HER LITTLE PONY 

Dans un monde où la nature est entièrement arraisonnée, c’est à dire soumise d’avoir une utilité pour l’activité humaine, quelle place laissons-nous à la vie sauvage ? D’après les calculs du professeur Vaclav Smil, les vertébrés sauvages seraient passés en proportion de 97% de la biomasse totale de la terre, il y a 10000 ans, à un insignifiant 2% aujourd’hui. Plus précisément, pour 85% d’animaux domestiques et 13% d’humains.

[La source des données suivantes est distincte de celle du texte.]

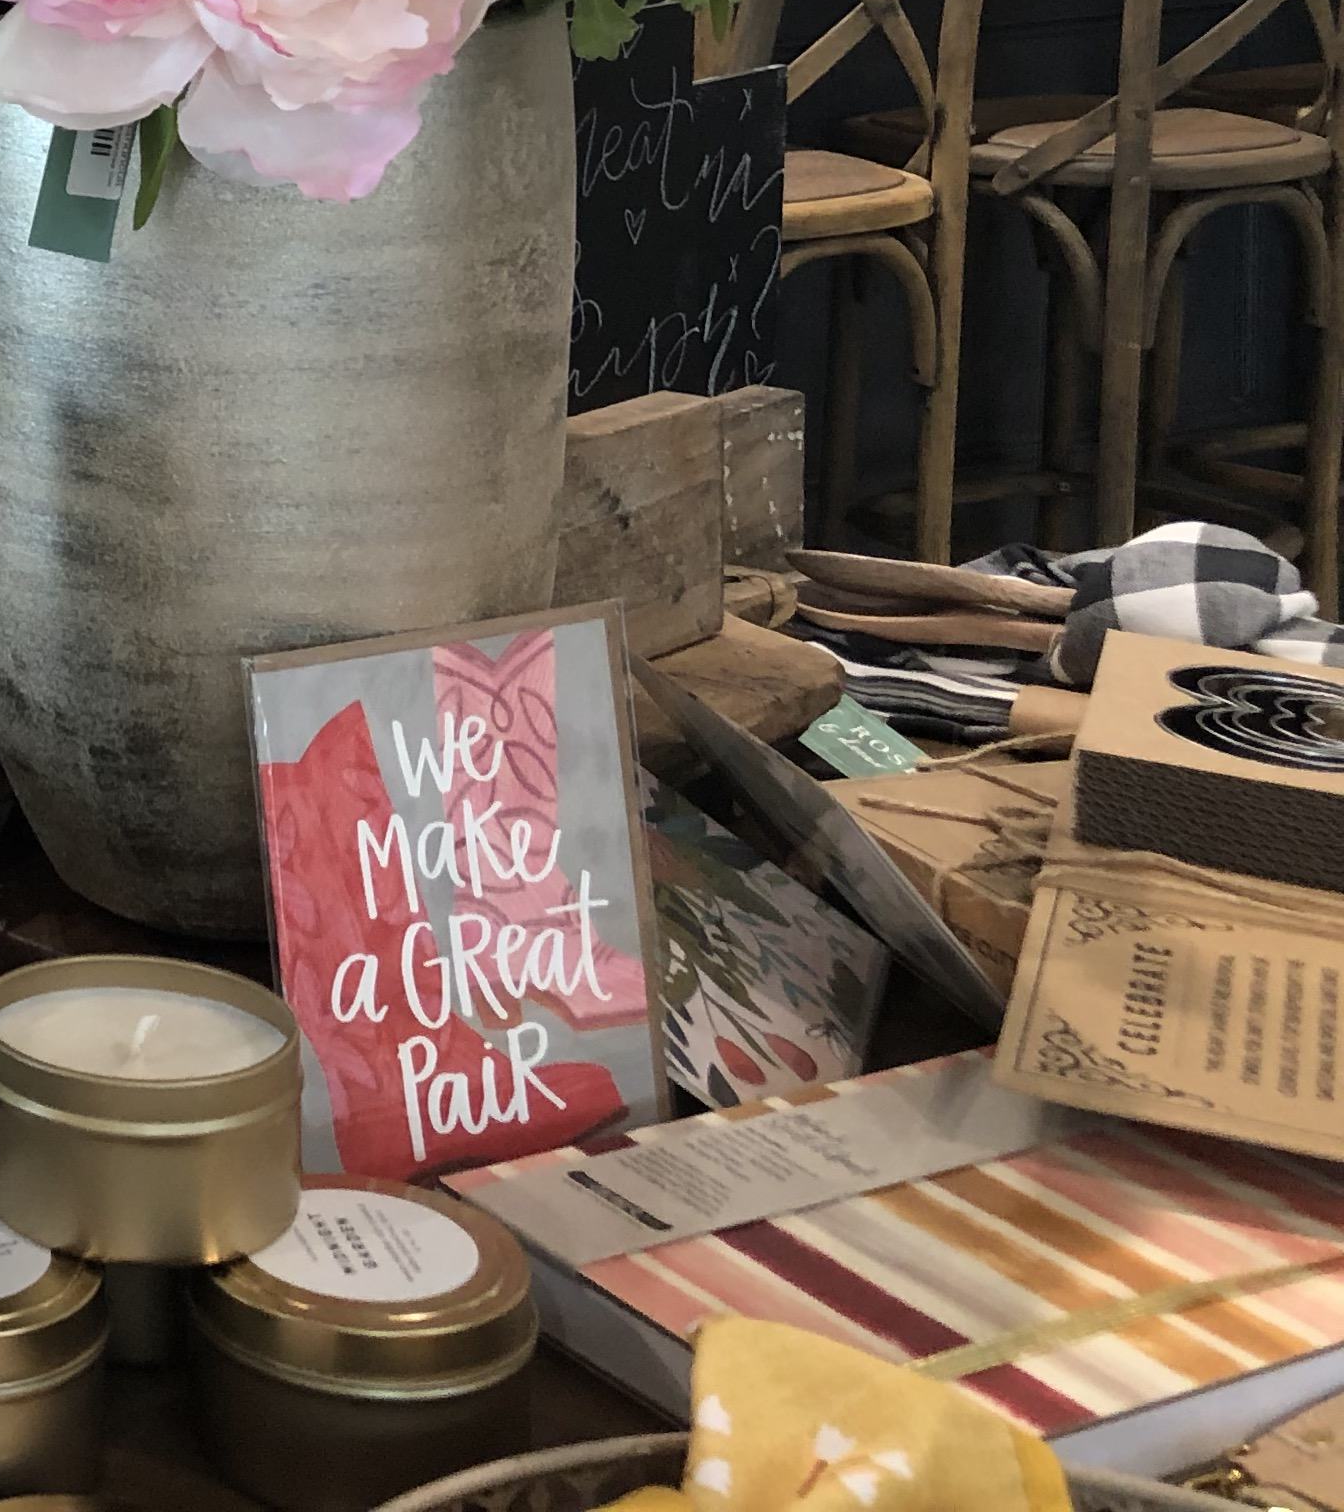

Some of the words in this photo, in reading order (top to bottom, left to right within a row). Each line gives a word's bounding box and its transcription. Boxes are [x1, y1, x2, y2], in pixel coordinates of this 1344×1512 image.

Conclusion : le sauvage ne nous servait à̀ rien, il devait céder la place. 

  • Le 24 novembre 2022, le Parlement européen avait adopté une résolution sur la protection des élevages de bétail et des grands carnivores en Europe, plaçant à nouveau le loup au centre des débats.  
  • Pour cause, la prédation de l’animal exercée sur les troupeaux des éleveurs pastoraux engendre de grandes disparités entre les États membres.  
  • Bénédiction pour certains, crise pour d’autres, l’augmentation du nombre de loups sur le sol européen ne se fait pas sans controverses. 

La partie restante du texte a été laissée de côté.